◆ Try it
All of the records should be given again exactly as they appear.

*** Record excerpts ***

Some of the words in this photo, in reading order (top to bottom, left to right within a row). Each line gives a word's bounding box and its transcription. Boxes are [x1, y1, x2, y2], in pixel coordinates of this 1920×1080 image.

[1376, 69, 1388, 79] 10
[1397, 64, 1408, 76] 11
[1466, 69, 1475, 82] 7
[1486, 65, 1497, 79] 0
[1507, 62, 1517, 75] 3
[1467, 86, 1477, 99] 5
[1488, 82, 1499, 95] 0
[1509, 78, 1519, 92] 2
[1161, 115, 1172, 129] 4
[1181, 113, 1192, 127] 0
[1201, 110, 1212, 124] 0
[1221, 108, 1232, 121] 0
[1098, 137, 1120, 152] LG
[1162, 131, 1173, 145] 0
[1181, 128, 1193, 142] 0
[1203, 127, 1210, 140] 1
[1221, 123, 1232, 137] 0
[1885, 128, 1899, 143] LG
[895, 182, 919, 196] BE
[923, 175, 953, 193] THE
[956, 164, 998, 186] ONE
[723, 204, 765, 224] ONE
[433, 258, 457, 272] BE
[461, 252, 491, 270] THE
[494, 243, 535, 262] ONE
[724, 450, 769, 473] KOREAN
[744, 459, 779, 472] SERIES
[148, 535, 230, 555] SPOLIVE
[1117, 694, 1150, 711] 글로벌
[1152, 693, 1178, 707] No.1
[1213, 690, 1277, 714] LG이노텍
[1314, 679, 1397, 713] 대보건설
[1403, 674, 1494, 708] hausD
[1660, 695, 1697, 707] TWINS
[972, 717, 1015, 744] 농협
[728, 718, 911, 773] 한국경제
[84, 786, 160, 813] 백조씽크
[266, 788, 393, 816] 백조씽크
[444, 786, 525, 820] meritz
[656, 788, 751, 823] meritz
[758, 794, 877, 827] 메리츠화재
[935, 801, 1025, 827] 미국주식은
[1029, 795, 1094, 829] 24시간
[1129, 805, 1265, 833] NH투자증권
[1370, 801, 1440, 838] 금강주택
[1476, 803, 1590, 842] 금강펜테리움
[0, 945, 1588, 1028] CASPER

*** End of Record excerpts ***

◆ Solution to this exercise
Some of the words in this photo, in reading order (top to bottom, left to right within a row). Each line gives a word's bounding box and its transcription. Boxes are [x1, y1, x2, y2], in pixel coordinates of this 1920×1080 image.

[1376, 69, 1388, 79] 10
[1397, 64, 1408, 76] 11
[1466, 69, 1475, 82] 7
[1486, 65, 1497, 79] 0
[1507, 62, 1517, 75] 3
[1467, 86, 1477, 99] 5
[1488, 82, 1499, 95] 0
[1509, 78, 1519, 92] 2
[1161, 115, 1172, 129] 4
[1181, 113, 1192, 127] 0
[1201, 110, 1212, 124] 0
[1221, 108, 1232, 121] 0
[1098, 137, 1120, 152] LG
[1162, 131, 1173, 145] 0
[1181, 128, 1193, 142] 0
[1203, 127, 1210, 140] 1
[1221, 123, 1232, 137] 0
[1885, 128, 1899, 143] LG
[895, 182, 919, 196] BE
[923, 175, 953, 193] THE
[956, 164, 998, 186] ONE
[723, 204, 765, 224] ONE
[433, 258, 457, 272] BE
[461, 252, 491, 270] THE
[494, 243, 535, 262] ONE
[724, 450, 769, 473] KOREAN
[744, 459, 779, 472] SERIES
[148, 535, 230, 555] SPOLIVE
[1117, 694, 1150, 711] 글로벌
[1152, 693, 1178, 707] No.1
[1213, 690, 1277, 714] LG이노텍
[1314, 679, 1397, 713] 대보건설
[1403, 674, 1494, 708] hausD
[1660, 695, 1697, 707] TWINS
[972, 717, 1015, 744] 농협
[728, 718, 911, 773] 한국경제
[84, 786, 160, 813] 백조씽크
[266, 788, 393, 816] 백조씽크
[444, 786, 525, 820] meritz
[656, 788, 751, 823] meritz
[758, 794, 877, 827] 메리츠화재
[935, 801, 1025, 827] 미국주식은
[1029, 795, 1094, 829] 24시간
[1129, 805, 1265, 833] NH투자증권
[1370, 801, 1440, 838] 금강주택
[1476, 803, 1590, 842] 금강펜테리움
[0, 945, 1588, 1028] CASPER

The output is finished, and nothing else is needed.